Populated place in Sussex County, New Jersey, US

Millville is an unincorporated community located along River Road (County Route 521) and Shimers Brook in Montague Township of Sussex County, New Jersey. The Montague Grange and other parts of the community are in the Delaware Water Gap National Recreation Area.

==History==
The community got its name from the gristmills and sawmills built along Shimers Brook, then known as Chambers Mill Brook, starting in 1722. During the American Revolutionary War, Captains Abram Shimer and James Bonell were at the fort located here to protect the mills. Shimer built a mill here c. 1750. In the 1790s, Jacob Shimer, his son, built a house on Old Mine Road, now River Road. It was documented by the Historic American Buildings Survey in 1970, before being demolished by 1980.

==Historic district==

The Millville Historic and Archaeological District is a 9.3 acre historic district encompassing the village.
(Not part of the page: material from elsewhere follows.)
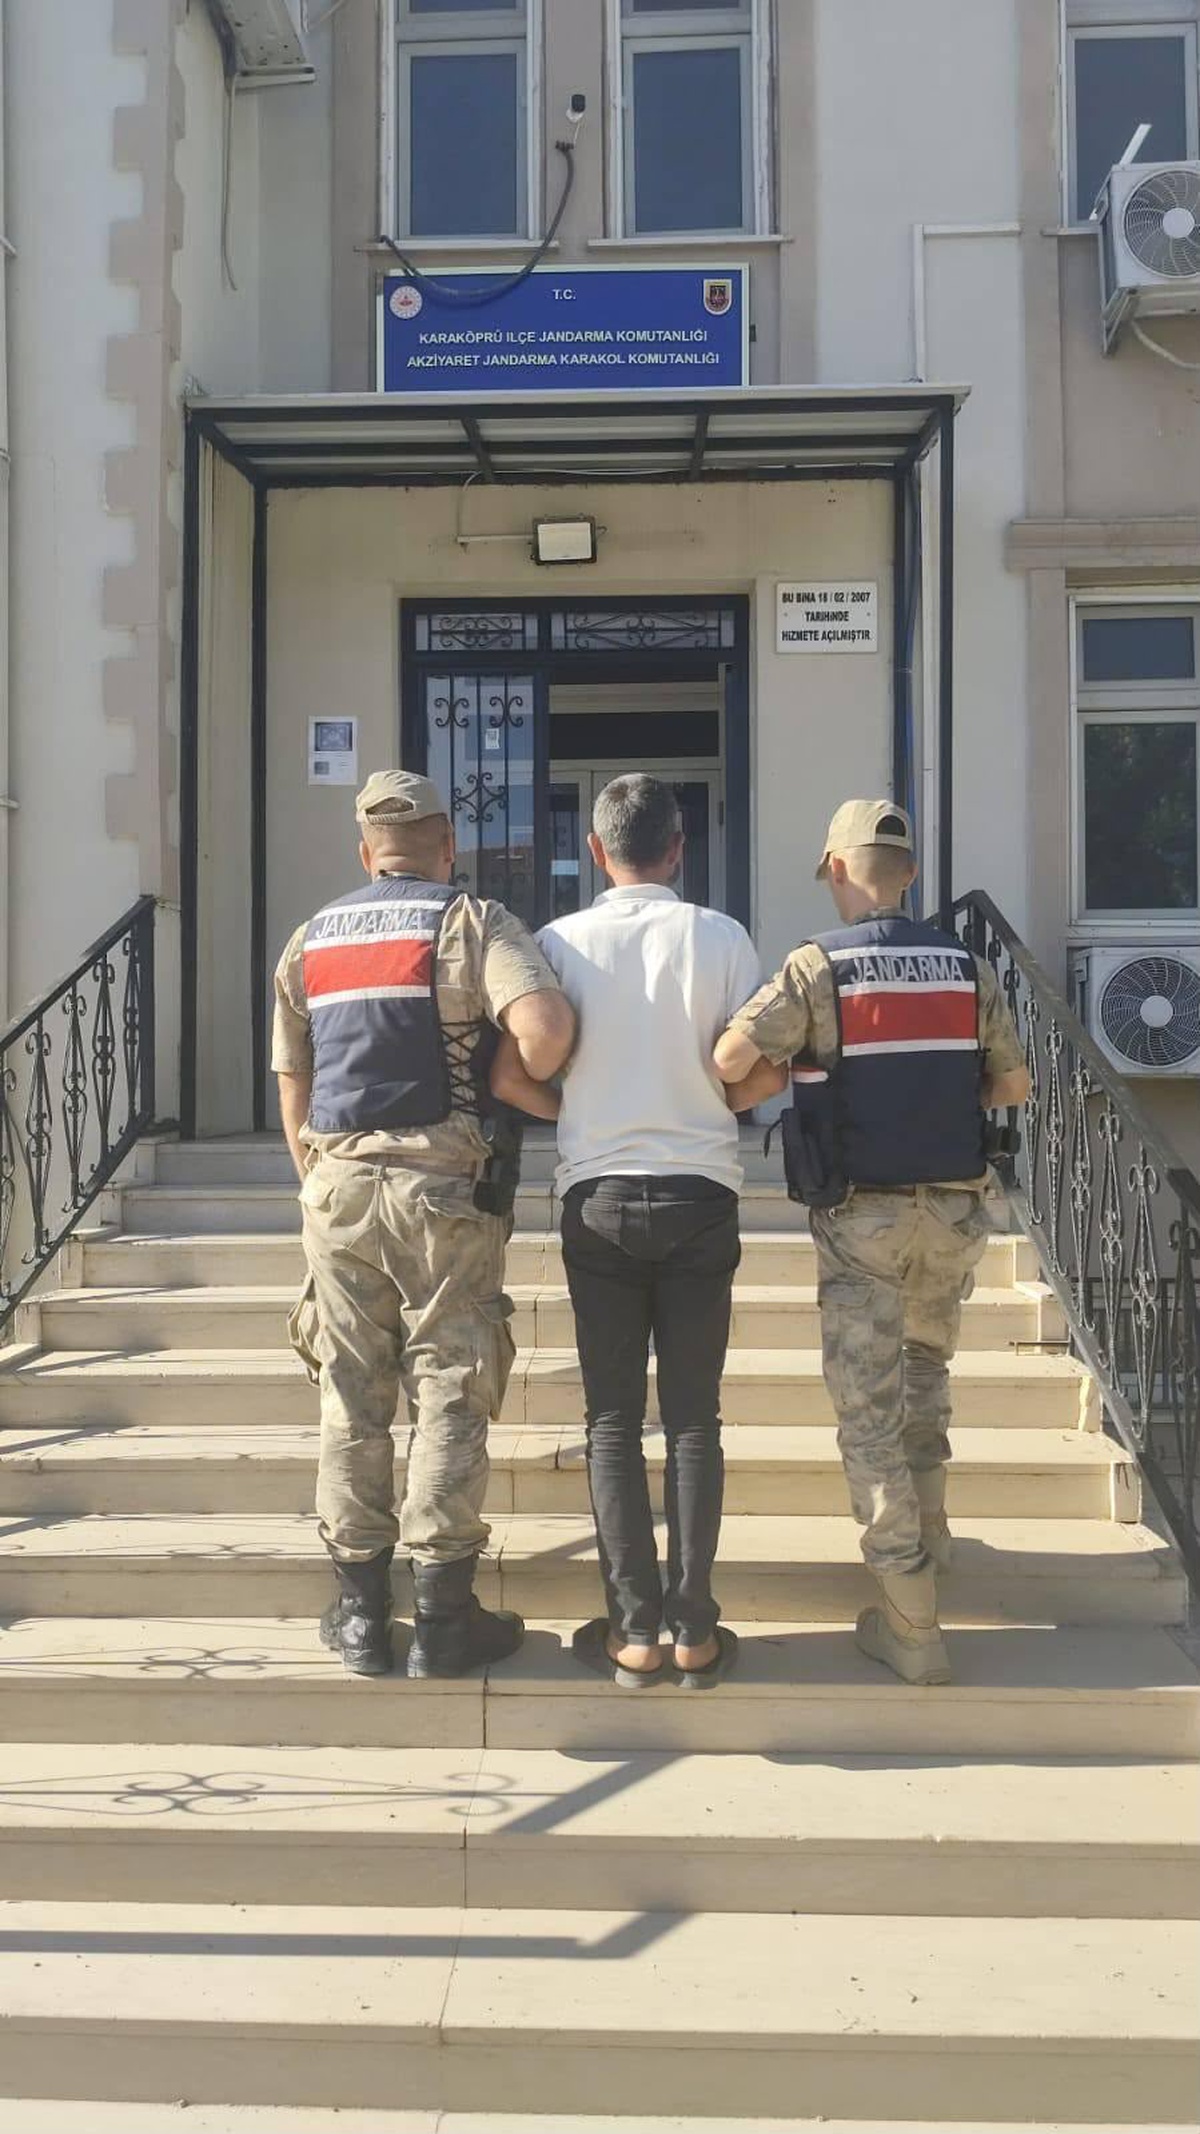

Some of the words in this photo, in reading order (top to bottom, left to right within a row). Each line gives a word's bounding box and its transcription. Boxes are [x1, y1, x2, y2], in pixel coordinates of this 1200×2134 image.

It was added to the National Register of Historic Places on January 30, 1984, for its significance in exploration/settlement, history, and industry. The district includes four contributing buildings and six contributing sites. The district boundary on the state register was increased on November 21, 2013, and lists River Road (County Route 521), Clove Road (County Route 653), Millville and Weider Roads. The county has posted a historical information sign on Clove Road.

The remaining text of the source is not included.